Department of Biostatistics
2008 - 2009
ABSTRACT: It has been a century since early preliminary reports suggested heredity in some psychiatric disorders such as insanity. Decades have passed since the modes and levels of inheritance were documented for a number of psychiatric and behavioral disorders such as Tourette's Syndrome and nicotine dependence. Despite recent landmark successes that led to discoveries of genetic variants for several complex diseases, the hunting for genes underlying mental disorders remains largely elusive. In addition to political challenges, there are also major clinical and analytical challenges. Mental disorders are difficult to characterize both phenotypically and genetically. Beyond the challenges that are common for complex diseases such as cancer and age-related macular degeneration, there are great intrapersonal variations and uncertainties, particularly over time. The diagnoses of mental disorders generally depend on instruments that include many descriptive questions, and comorbidity is common. I will present some of the joint work conducted by my group in recent years that is motivated by the need arising from studying mental disorders. For example, we have developed methodology and software to analyze ordinal traits and multiple traits commonly encountered in mental health research. The potential of these methods has been demonstrated through simulation as well as several genetic analyses of several mental disorders such as hoarding, nicotine dependence, and alcohol dependence.

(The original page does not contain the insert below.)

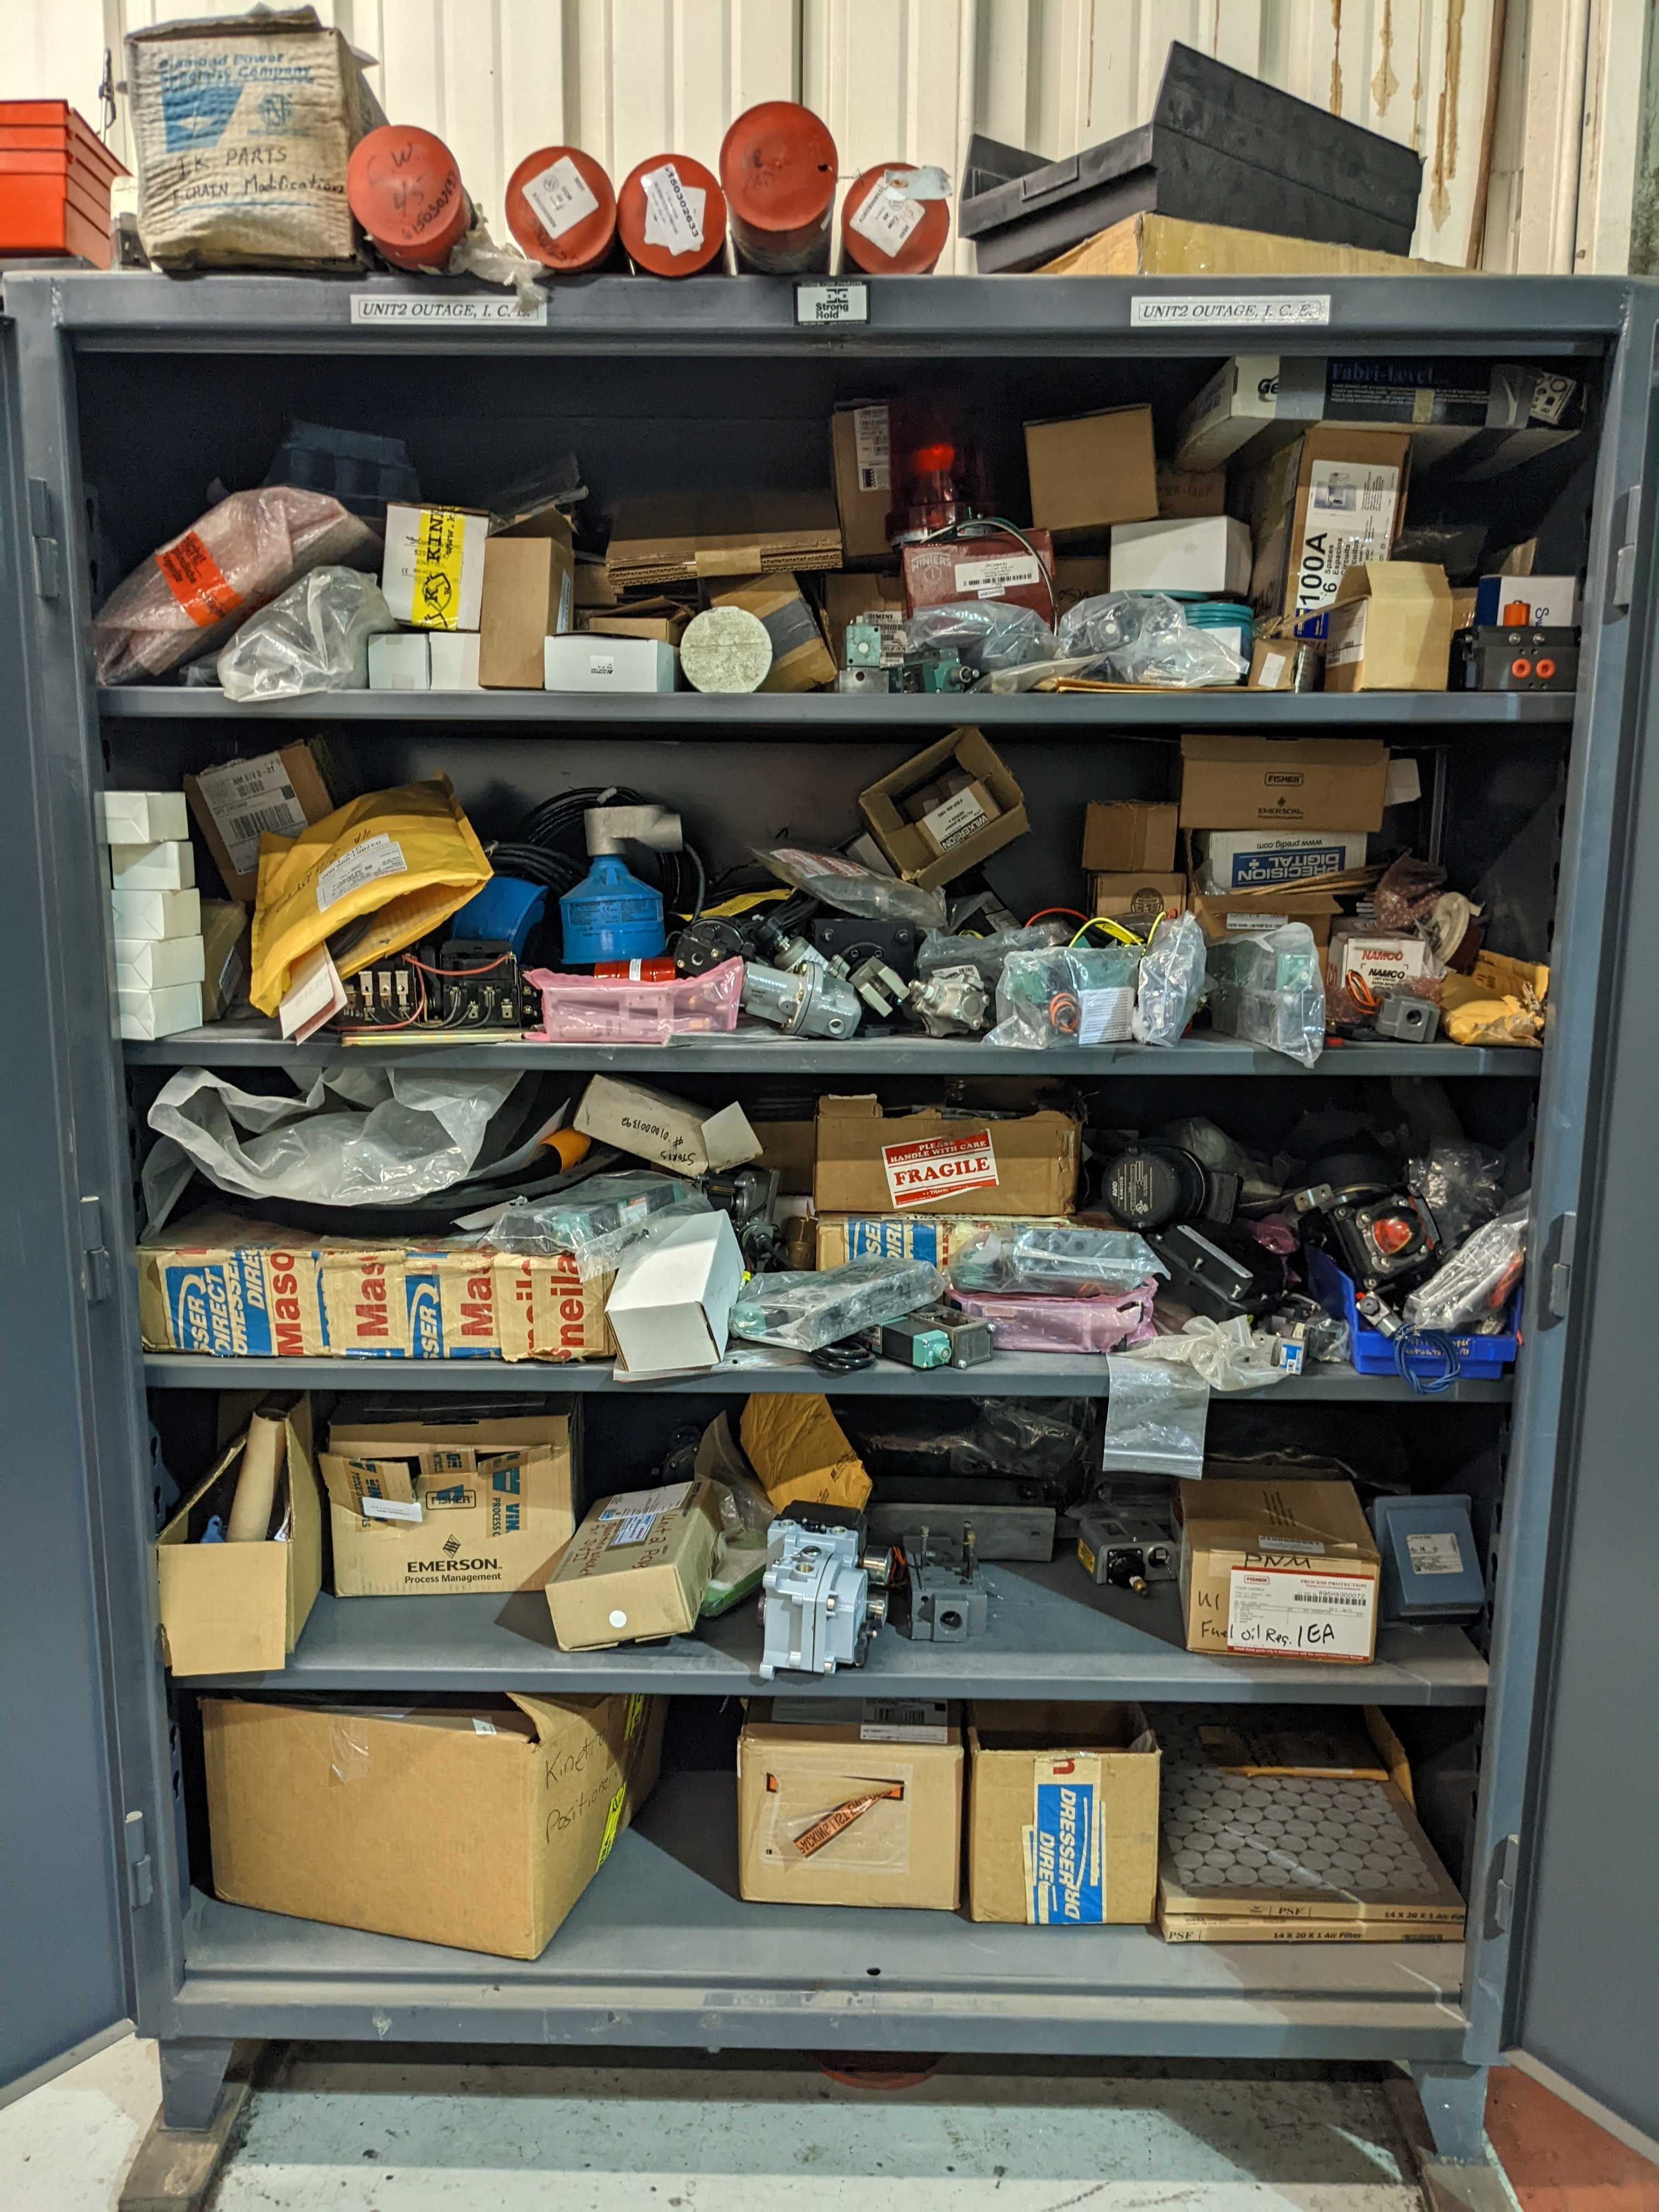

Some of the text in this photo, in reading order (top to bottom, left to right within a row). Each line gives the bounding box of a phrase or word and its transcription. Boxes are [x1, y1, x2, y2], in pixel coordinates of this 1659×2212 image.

ABSTRACT: In 2003, the U.S. FDA, MHRA in the U.K., and European union released public health advisories for a possible causal link between antidepressant treatment and suicide in children and adolescents ages 18 and under. This led the U.S. FDA to issue a black box warning for antidepressant treatment of childhood depression in 2004, which was later extended to include young adults (18-24) in 2006. Following these warnings, rather than observing the anticipated decrease in youth suicide rates, record increases in youth suicide rates were observed in both the U.S. and Europe. In this presentation, we review the data and statistical methodology that led to the public health advisories and black box warning, and the data that led to the record increases in youth suicide rates and discuss their possible relationship. New statistical and experimental design approaches to post-marketing drug safety surveillance are developed, discussed and illustrated.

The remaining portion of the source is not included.